Las generaciones más jóvenes tienen dificultades para comprender y aceptar la opción de la lucha armada de entonces, de la violencia como herramienta política, y tal vez les asista razón, aunque poca.
El mundo ha cambiado. Ahora la mayor utopía de la izquierda es ganar elecciones para bajar el porcentaje de pobreza, aumentar la velocidad de internet, extender la cobertura de salud muy muy muy básica a más personas, igual que la educación de medio pelo y combatir esencialmente el microtráfico de drogas.
nunca podrá volver a cerrarlos
Los que aún pensamos que aquellos objetivos de la Revolución siguen esperando, llamando desde los campos y las fábricas, en los poblados y las minas, en las filas del desempleo y los asentamientos precarios regenteados por el miedo y la miseria, en las aulas y donde quiera que se reúnan jóvenes conscientes, ésos somos pocos y casi todos nos hemos llamado a silencio, por lo menos en público. Mi generación atraviesa desde hace un tiempo largo sus años de soledad.
Por eso visionar esta serie me ha lanzado al reencuentro con el espíritu de la utopía que nos animó en “los 60”, y soy consciente de que esta expresión suena hoy a palabrota política.
Regreso a mi casa de adolescencia, a aquel verano en que descubrí la magia y la espiritualidad de América Latina y su crisol de etnias y culturas, y la impunidad del asesinato de quienes luchan por una vida con derechos reales y justicia.
Llego al último capítulo de la serie. Úrsula Iguarán, la mujer-madre de todo lo que existe y prospera visita a su hijo en prisión, el coronel Aureliano Buendía condenado a una muerte que no llegaría. Evoca en el rostro de su hijo, curtido por años de guerra y privaciones, al de aquel niño que todo lo observaba en silencio.
─Naciste con los ojos muy abiertos… y una curiosidad sin asombro ─dice Úrsula.
Pausé la serie para poder llorar sin ansiedad, tratando de entender qué me estaba pasando. Y sentí que esos ojos muy abiertos, y esa curiosidad sin asombro, sin límites, que todo lo podía admitir y creer posible era la enciclopedia de mi generación, y resumía el hálito de nuestra Revolución, la que aún espera nuestra América Latina, ojalá sin la oscuridad de guerras y violencia, aunque, seguro, no sin lucha.

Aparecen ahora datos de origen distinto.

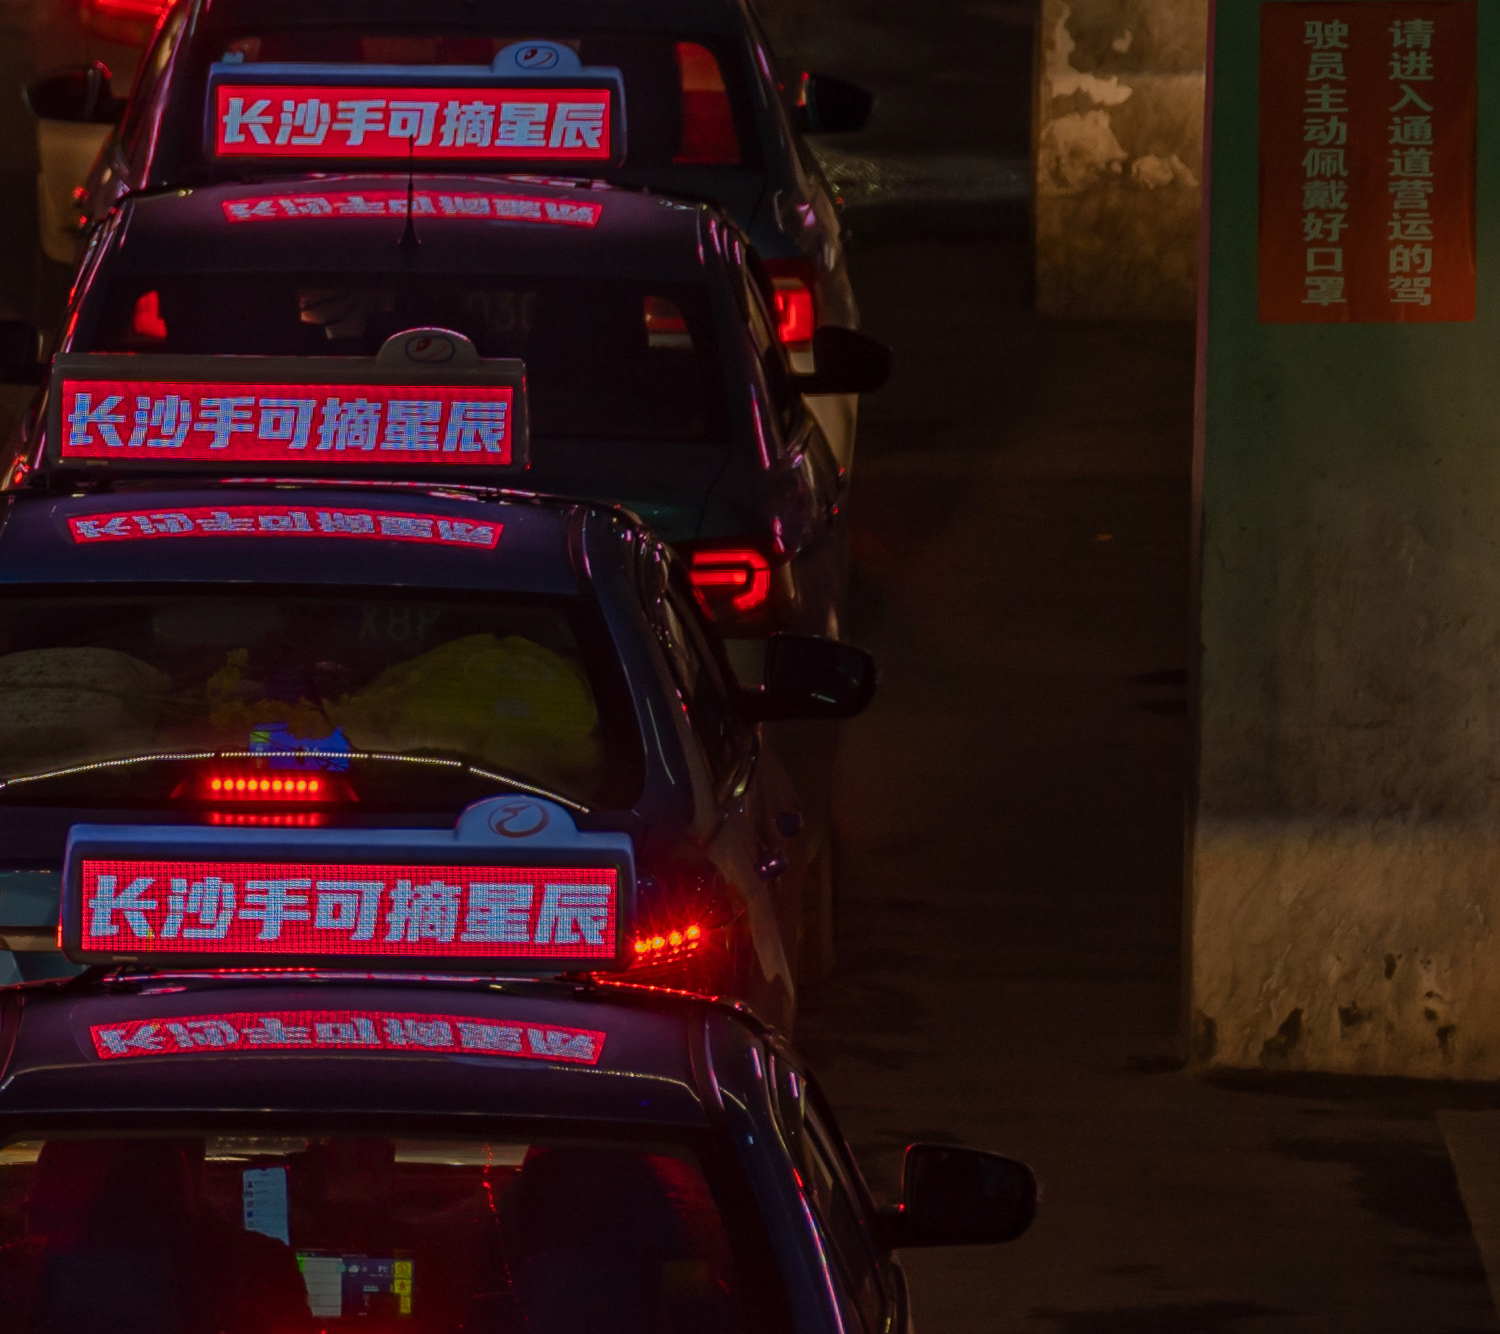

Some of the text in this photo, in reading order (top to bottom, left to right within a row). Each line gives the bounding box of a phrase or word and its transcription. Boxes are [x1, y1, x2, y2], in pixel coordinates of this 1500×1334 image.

[223, 98, 604, 148] 长沙手可摘星辰
[1301, 18, 1349, 307] 驶员主动佩戴好口罩
[1387, 18, 1435, 307] 请进入通道营运的驾
[68, 393, 506, 452] 长沙手可摘星辰
[89, 875, 610, 944] 长沙手可摘星辰
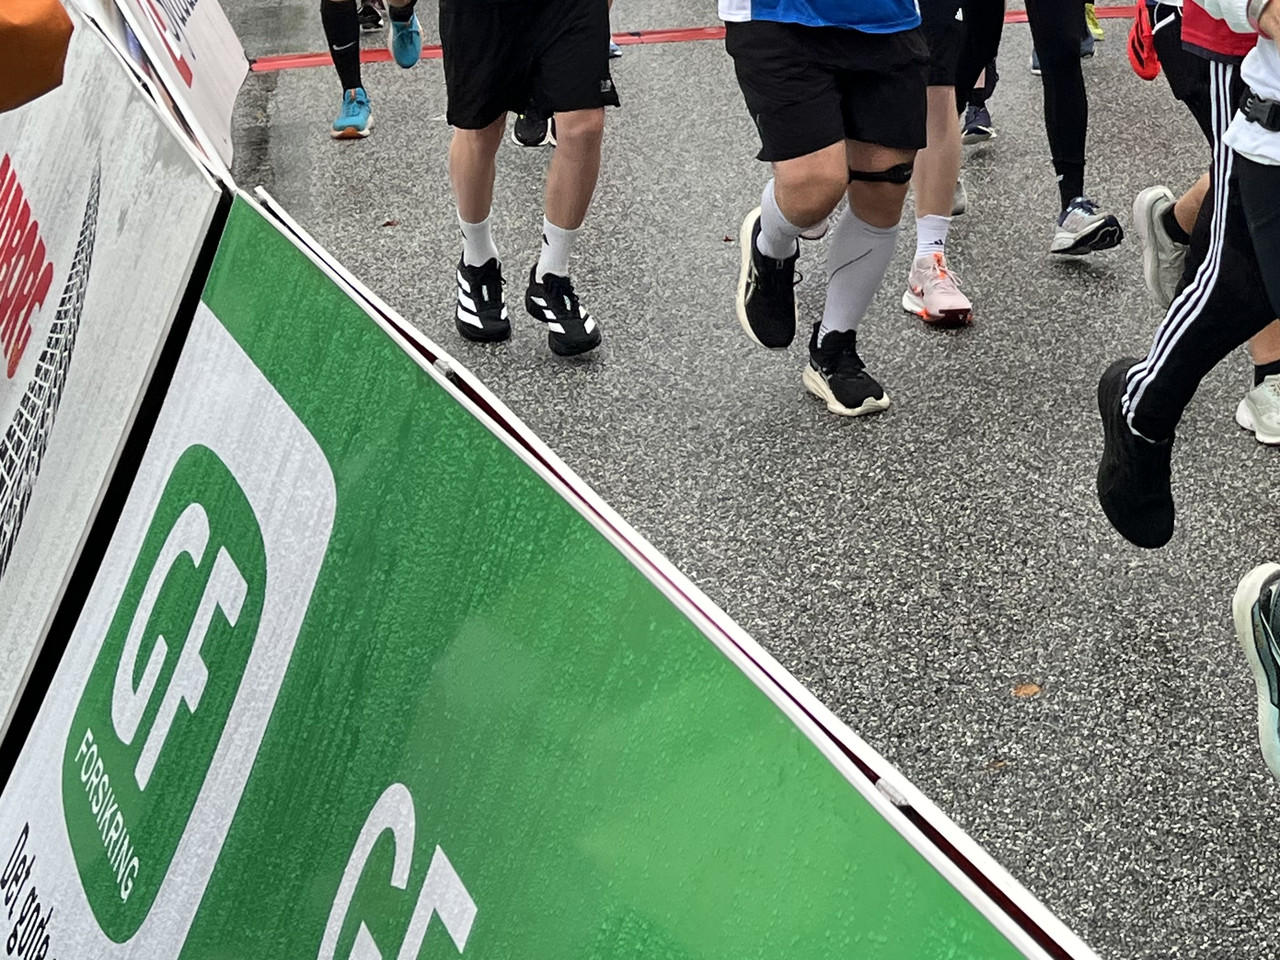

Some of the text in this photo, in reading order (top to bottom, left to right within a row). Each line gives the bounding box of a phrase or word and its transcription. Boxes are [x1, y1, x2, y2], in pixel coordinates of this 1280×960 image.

[111, 502, 248, 791] GF
[0, 822, 36, 920] Det
[75, 728, 140, 904] FORSIKRING
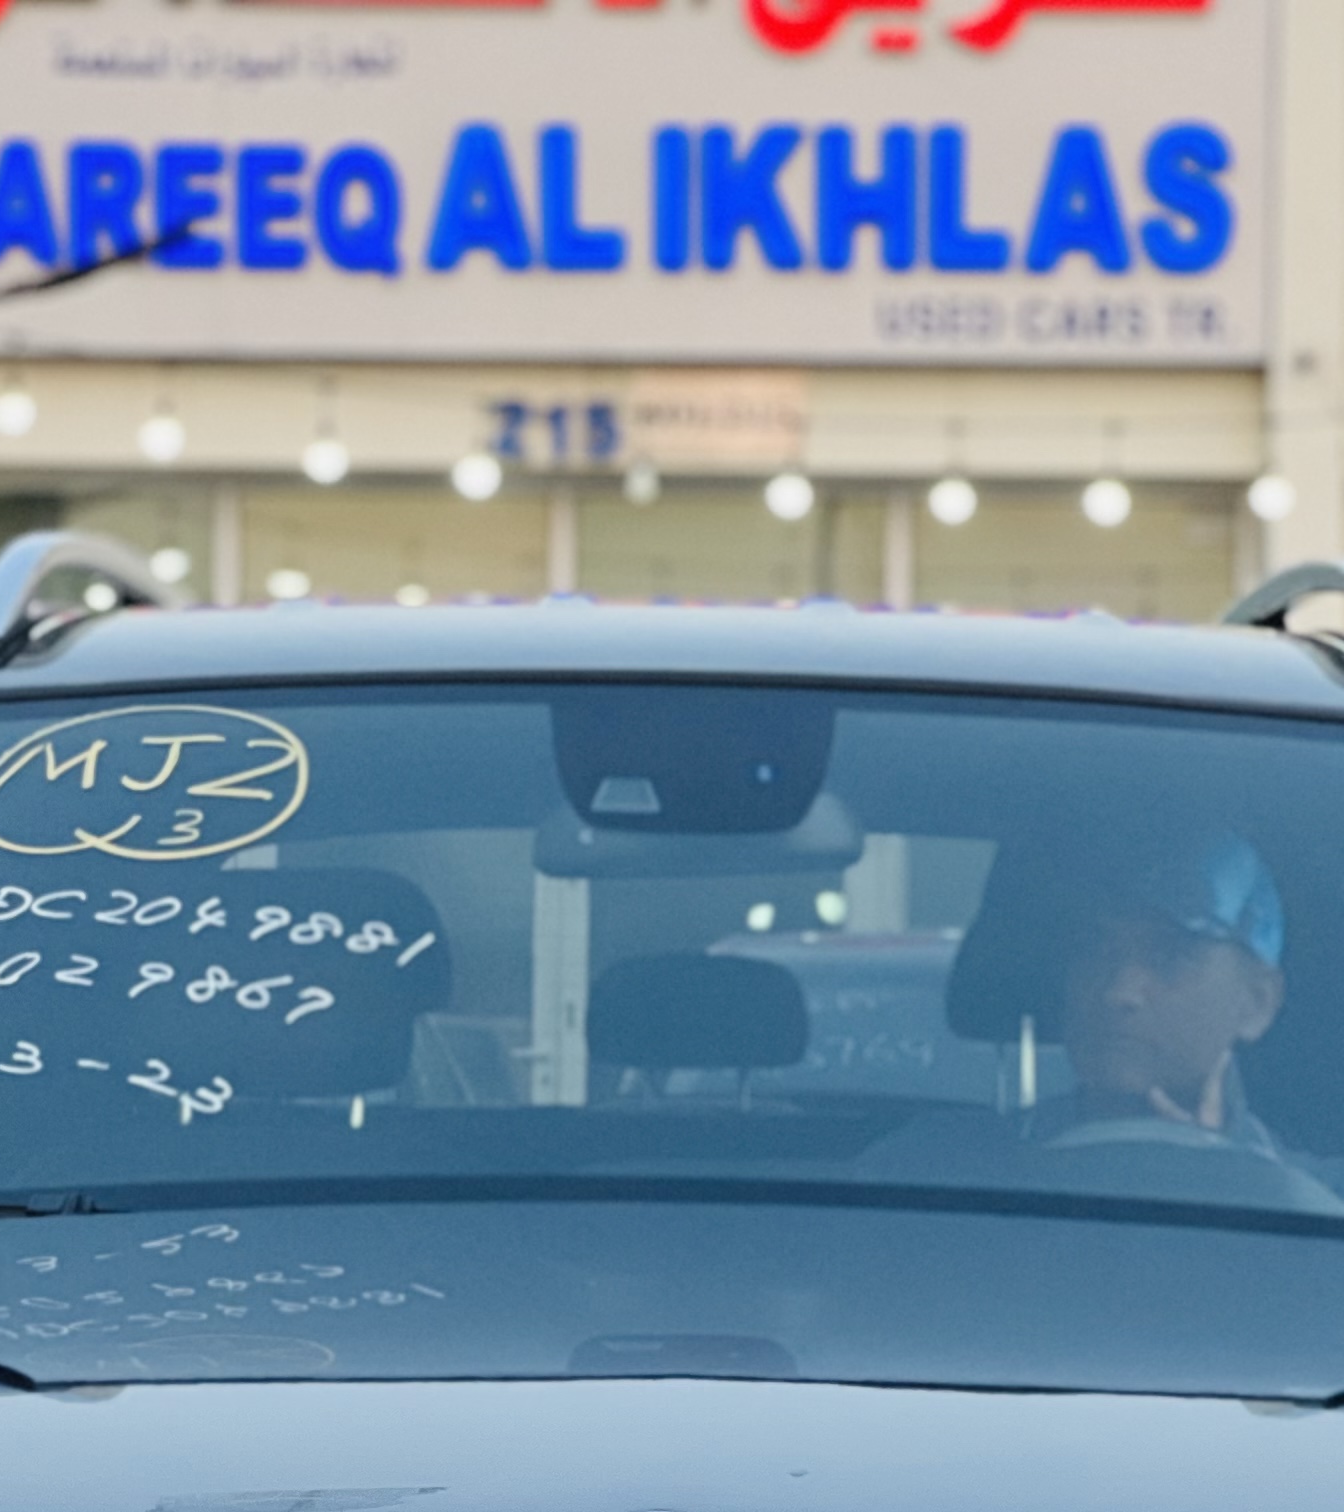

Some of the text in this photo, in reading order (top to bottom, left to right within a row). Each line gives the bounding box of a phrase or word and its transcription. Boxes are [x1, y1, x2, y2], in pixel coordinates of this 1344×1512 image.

[426, 120, 626, 273] AL
[653, 118, 1236, 275] IKHLAS
[875, 299, 1005, 344] USED
[1018, 298, 1147, 343] CARS
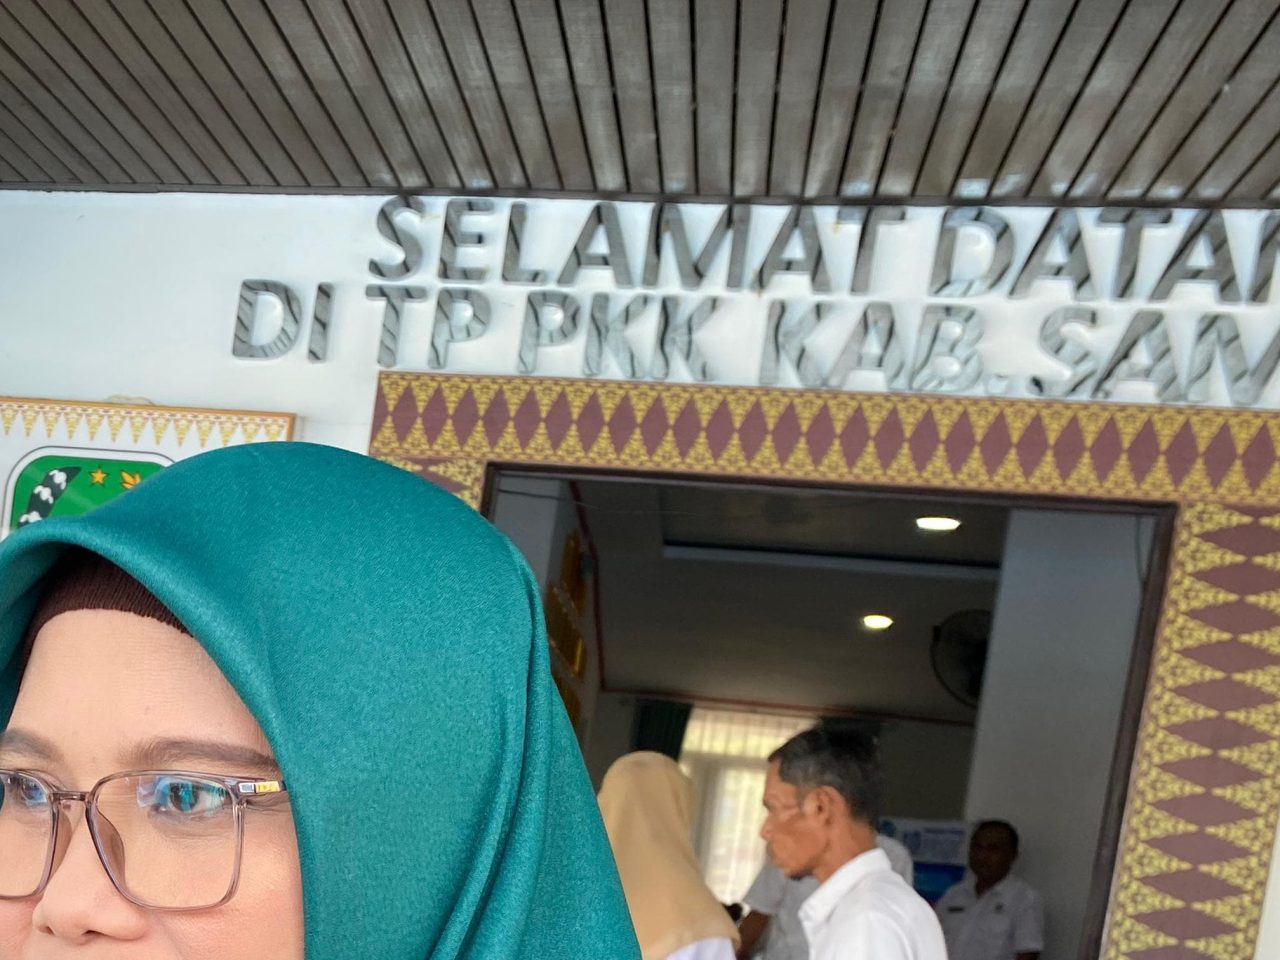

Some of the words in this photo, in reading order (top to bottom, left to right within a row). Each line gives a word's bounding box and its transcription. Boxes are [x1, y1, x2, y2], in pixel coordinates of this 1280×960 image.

[368, 194, 906, 295] SELAMAT
[232, 279, 334, 361] DI
[365, 284, 492, 368] TP
[517, 289, 723, 382] PKK
[759, 299, 1009, 393] KAB.
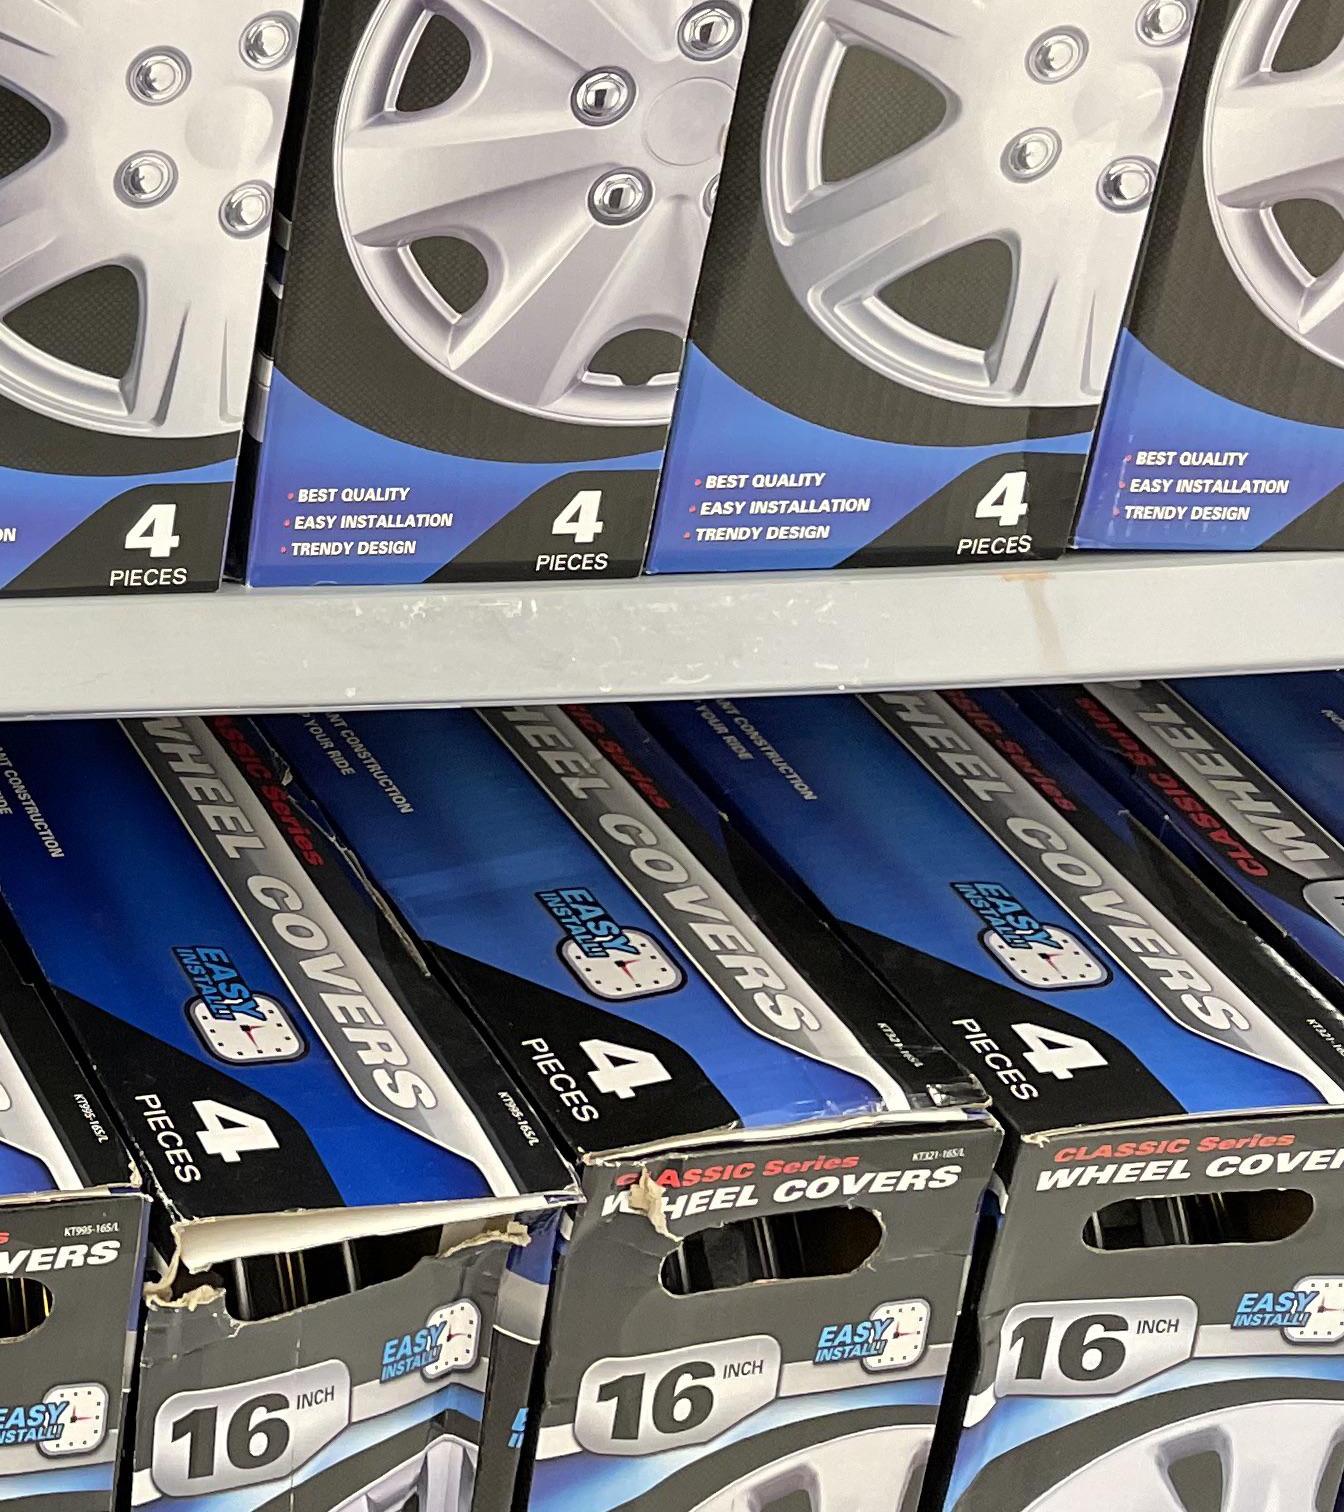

Entro al Macondo de hoy, a nuestro continente aún juvenil intentando escribir con mano inexperta, algo desmañada, pero de trazo firme, su propia historia.
Diezmados, viejos y cansados, a los que quedamos ya solo nos compete seguir acompañando esta carreta desvencijada, rechinante, pero que aún rueda, y lleva en su caja una utopía amarilla como una flor.
—Quién sabe, tal vez no seamos tan pocos, ni tan viejos, ni tan cansados —pienso.
Quién me entiende.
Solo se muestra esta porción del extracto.